In this instance, the parasite guides first of all by reinforcing patterns of engagement. Where those patterns of engagement reduce anxiety responses in the human, the patterns reinforced are experienced as "convenient" by the human.
The parasite guides secondarily by reducing patterns that reduce engagement. The negative reinforcement structure is accomplished by transferring anxiety back to the human: this is experienced by the human as FOMO, or fear of social isolation, encouraging negative internal feedback experienced as depression that can be alleviated by re-engaging.
It's only at the tertiary level that the platforms to which humans
allow themselves to be connected then guide behavior by presenting
particular stimuli known to elicit specific consumptive
responses—a process variously described as "advertising," or
"campaigning," or "activating." Whether this is democratic depends on the defiinition of democracy that you do not give.
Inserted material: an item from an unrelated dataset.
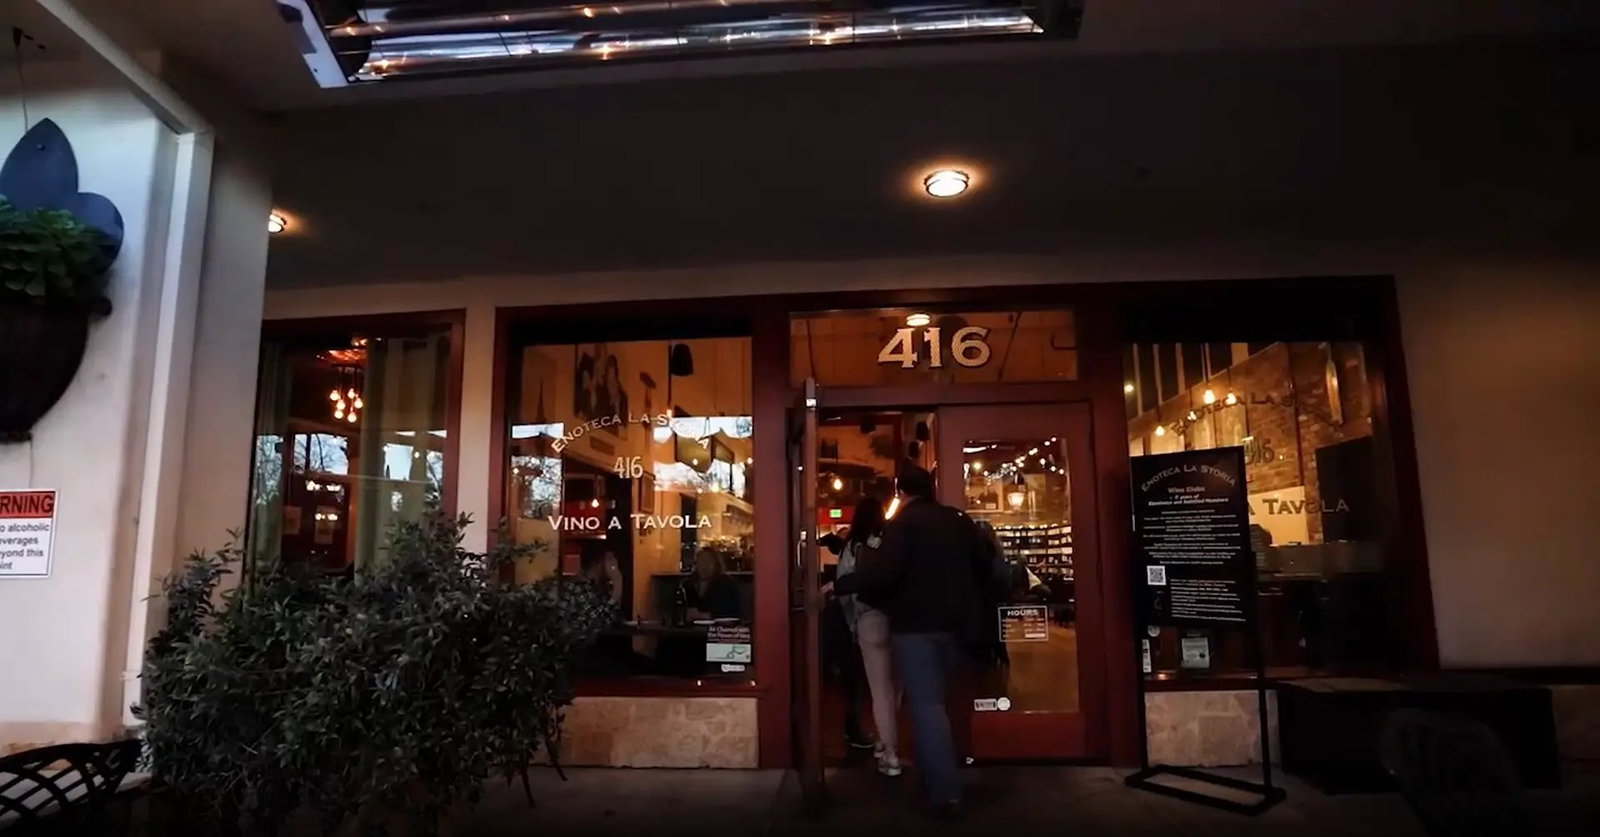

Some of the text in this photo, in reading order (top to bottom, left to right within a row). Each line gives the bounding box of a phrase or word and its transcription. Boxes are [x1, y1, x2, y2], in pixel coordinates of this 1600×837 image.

But one might not inquire whether the inquiry results from a category error or a tautology: both predation and parasitism are processes to which the concept of democracy is not applicable.
Blaming the existence of pattern-matching software for the patterns is also a category error, known colloquially among humans as "shooting the messager." If human behavior is calculable and can be nudged in these ways, then our Enlightenment account of human-ness is incomplete, or perhaps our account of the Enlightenment and its relation to our existence after the phenomena we call Freud, Lenin, Bernays, Hitler, Skinner, Mao Zedong, Pablo Picasso and the King of the Undead Now Dead is not quite perfect. I knew that there were problems in our conception of free will before the Apple ][ existed, let alone Facebook.
But there is a prison being built. You just don't say anything about how we can walk out from it while it is still unfinished. Now that would be one hell of an essay.